§ **Requirement**:
Any image found in the entries is to be skipped; the rest is returned word for word.

Dataset entries:
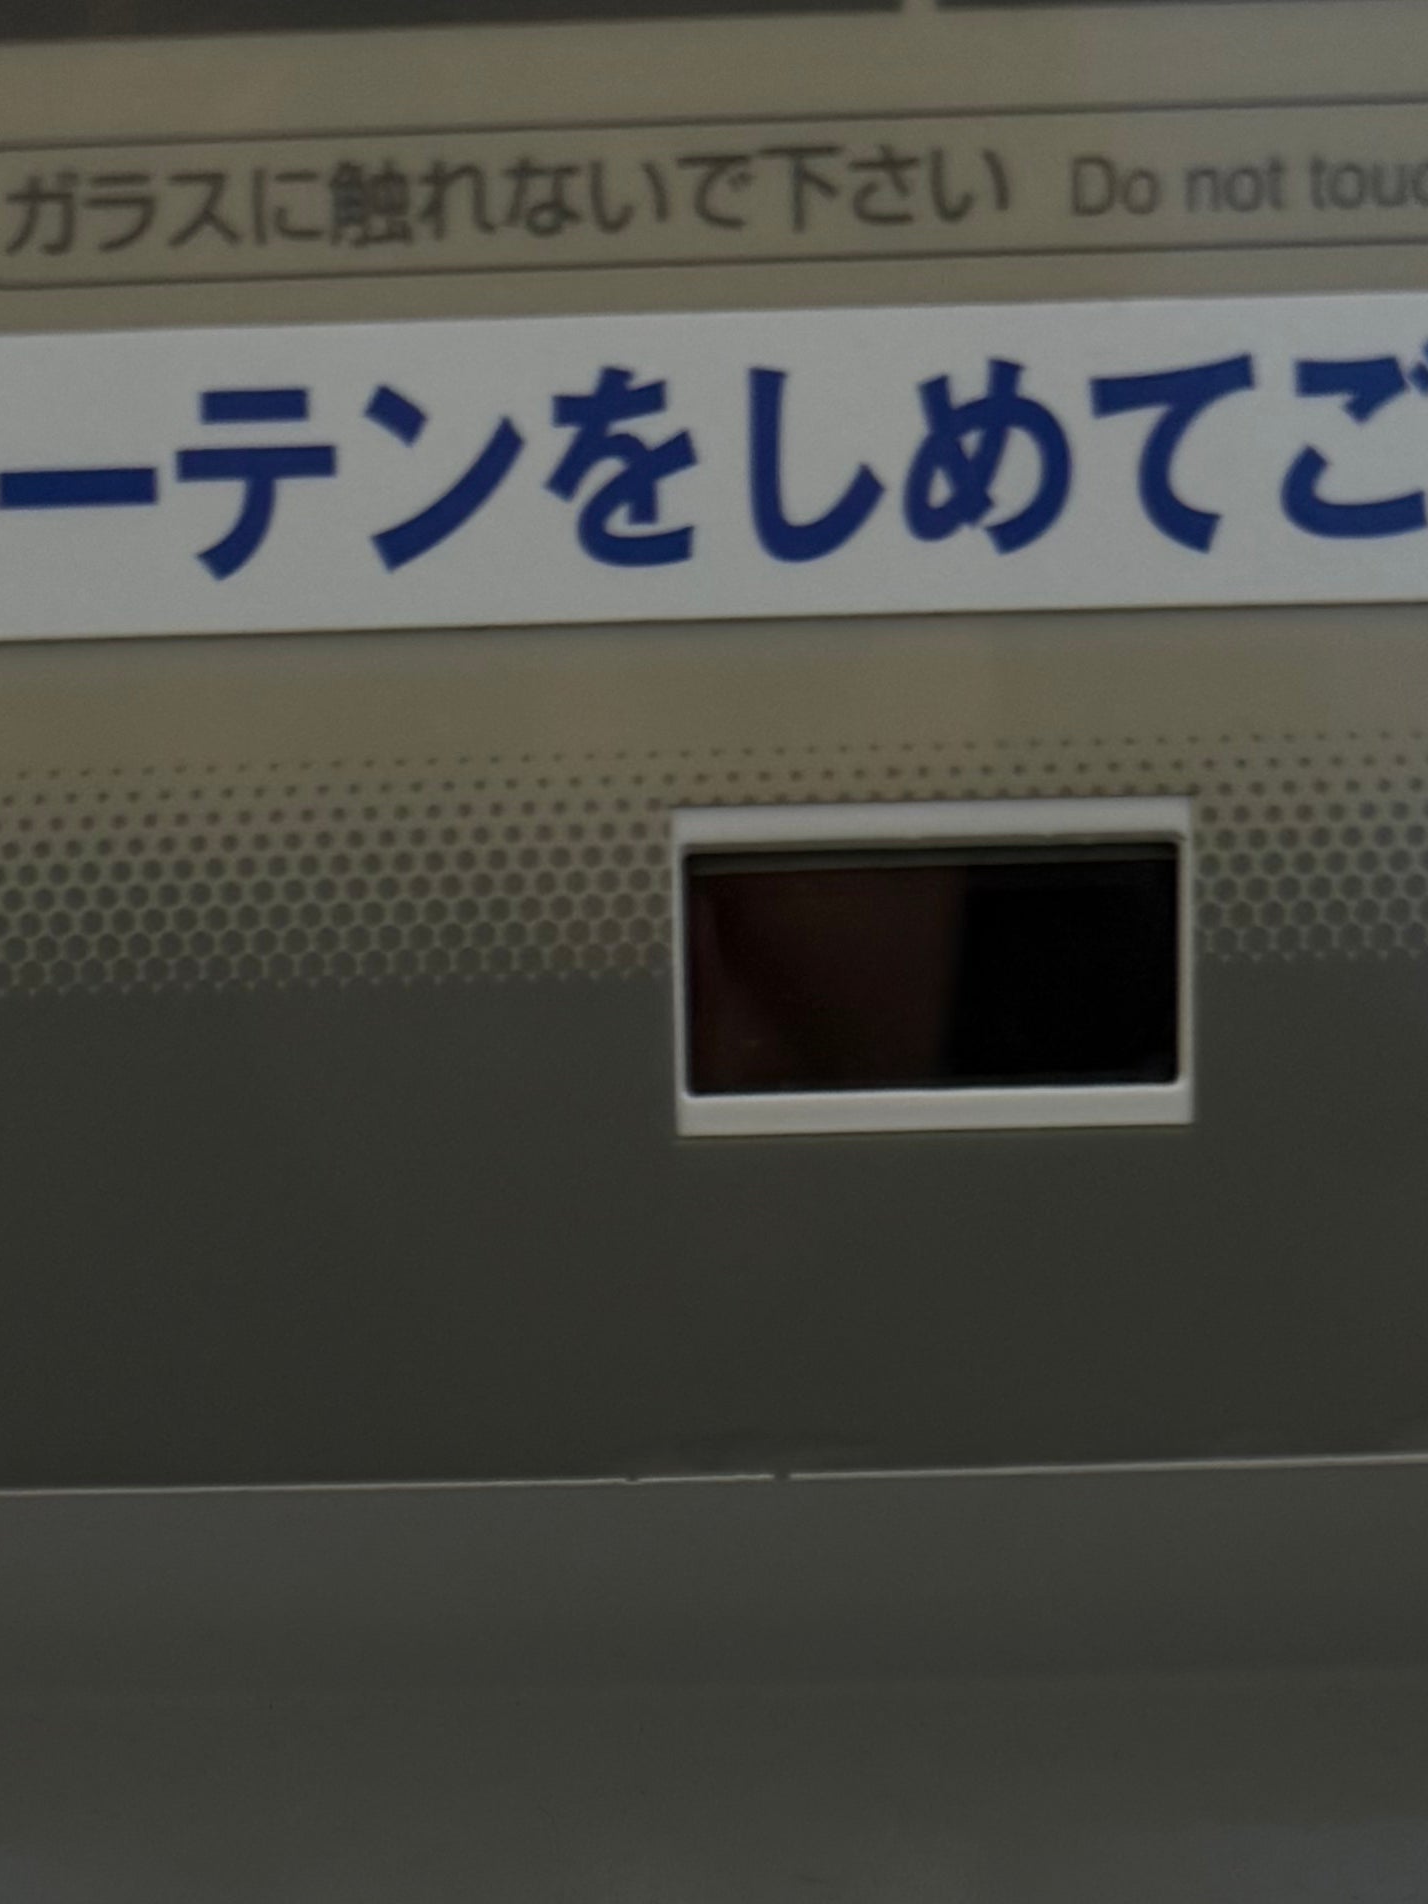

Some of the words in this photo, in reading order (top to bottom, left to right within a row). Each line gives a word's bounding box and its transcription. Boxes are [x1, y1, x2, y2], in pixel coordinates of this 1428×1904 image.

[3, 146, 1010, 257] ガラスに触れないで下さい
[1069, 154, 1160, 217] Do
[1183, 156, 1286, 214] not
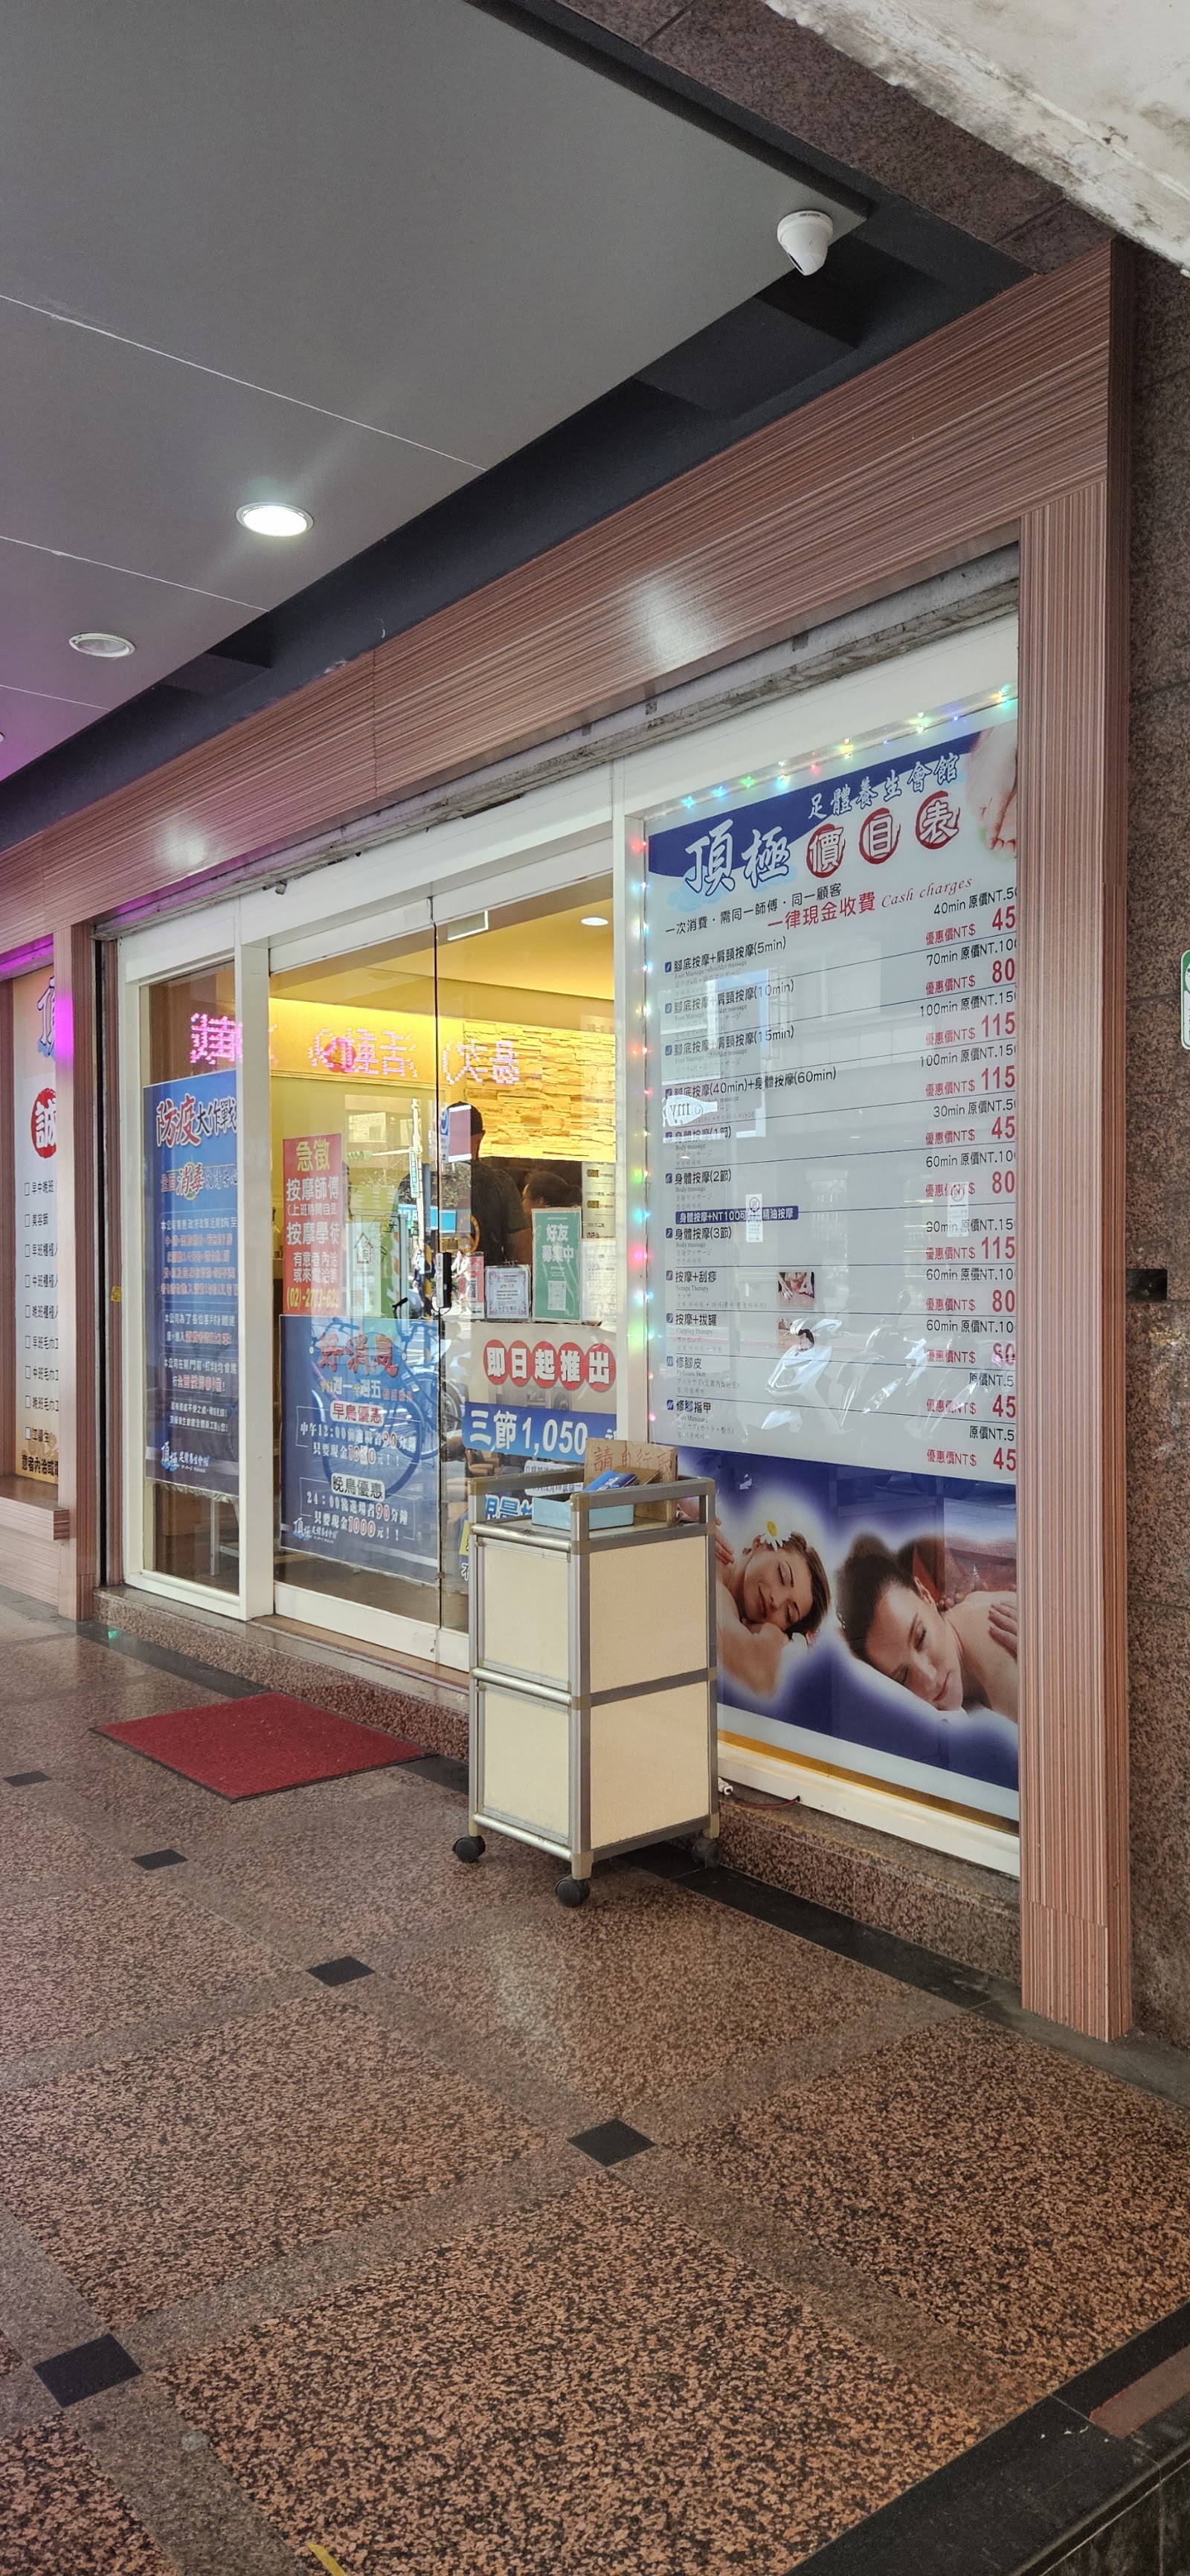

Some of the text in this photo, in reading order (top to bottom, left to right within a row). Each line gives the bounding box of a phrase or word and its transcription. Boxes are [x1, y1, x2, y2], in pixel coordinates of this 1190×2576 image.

[808, 753, 959, 820] 足體養生會館
[685, 796, 959, 896] 頂極 價目表
[768, 879, 973, 930] 一律現金收費 Cash charges
[934, 887, 1017, 915] 40min 原價NT.5
[926, 924, 976, 945] 優惠價NT$
[927, 939, 1017, 966] 70min 原價NT.10
[926, 975, 976, 995] 優惠價NT$
[920, 991, 1016, 1017] 100min 原價NT.15
[920, 1044, 1016, 1067] 100min 原價NT.15
[933, 1099, 1016, 1117] 30min 原價NT.5
[156, 1093, 237, 1148] 防疫大作戰
[926, 1129, 975, 1145] 優惠價NT$
[296, 1139, 330, 1172] 急徵
[926, 1150, 1016, 1167] 60min 原價NT.10
[675, 1169, 732, 1185] 身體按摩(2節)
[286, 1177, 339, 1202] 按摩師傅
[679, 1208, 794, 1223] 身體按摩+NT100可精油按摩
[286, 1221, 339, 1246] 按摩學徒
[546, 1224, 569, 1242] 好友
[675, 1227, 732, 1240] 身體按摩(3節)
[294, 1251, 337, 1268] 有意者內洽
[541, 1244, 574, 1262] 募集中
[927, 1268, 957, 1280] 60min
[926, 1298, 976, 1311] 優惠價NT$
[927, 1320, 958, 1331] 60min
[316, 1332, 399, 1378] 好消息
[485, 1345, 612, 1386] 即日起推出
[676, 1357, 702, 1369] 修腳皮
[332, 1403, 382, 1424] 早鳥優惠
[676, 1400, 711, 1413] 修腳指甲
[469, 1410, 588, 1456] 三節1,050
[927, 1449, 977, 1466] 優惠價NT$
[332, 1475, 383, 1499] 晚鳥優惠

§ **Result for this exercise**:
Some of the words in this photo, in reading order (top to bottom, left to right within a row). Each line gives a word's bounding box and its transcription. Boxes are [x1, y1, x2, y2], in pixel coordinates of this 1428×1904 image.

[3, 146, 1010, 257] ガラスに触れないで下さい
[1069, 154, 1160, 217] Do
[1183, 156, 1286, 214] not

Some of the text in this photo, in reading order (top to bottom, left to right within a row). Each line gives the bounding box of a phrase or word and its transcription. Boxes are [x1, y1, x2, y2], in pixel coordinates of this 1190×2576 image.

[808, 753, 959, 820] 足體養生會館
[685, 796, 959, 896] 頂極 價目表
[768, 879, 973, 930] 一律現金收費 Cash charges
[934, 887, 1017, 915] 40min 原價NT.5
[926, 924, 976, 945] 優惠價NT$
[927, 939, 1017, 966] 70min 原價NT.10
[926, 975, 976, 995] 優惠價NT$
[920, 991, 1016, 1017] 100min 原價NT.15
[920, 1044, 1016, 1067] 100min 原價NT.15
[933, 1099, 1016, 1117] 30min 原價NT.5
[156, 1093, 237, 1148] 防疫大作戰
[926, 1129, 975, 1145] 優惠價NT$
[296, 1139, 330, 1172] 急徵
[926, 1150, 1016, 1167] 60min 原價NT.10
[675, 1169, 732, 1185] 身體按摩(2節)
[286, 1177, 339, 1202] 按摩師傅
[679, 1208, 794, 1223] 身體按摩+NT100可精油按摩
[286, 1221, 339, 1246] 按摩學徒
[546, 1224, 569, 1242] 好友
[675, 1227, 732, 1240] 身體按摩(3節)
[294, 1251, 337, 1268] 有意者內洽
[541, 1244, 574, 1262] 募集中
[927, 1268, 957, 1280] 60min
[926, 1298, 976, 1311] 優惠價NT$
[927, 1320, 958, 1331] 60min
[316, 1332, 399, 1378] 好消息
[485, 1345, 612, 1386] 即日起推出
[676, 1357, 702, 1369] 修腳皮
[332, 1403, 382, 1424] 早鳥優惠
[676, 1400, 711, 1413] 修腳指甲
[469, 1410, 588, 1456] 三節1,050
[927, 1449, 977, 1466] 優惠價NT$
[332, 1475, 383, 1499] 晚鳥優惠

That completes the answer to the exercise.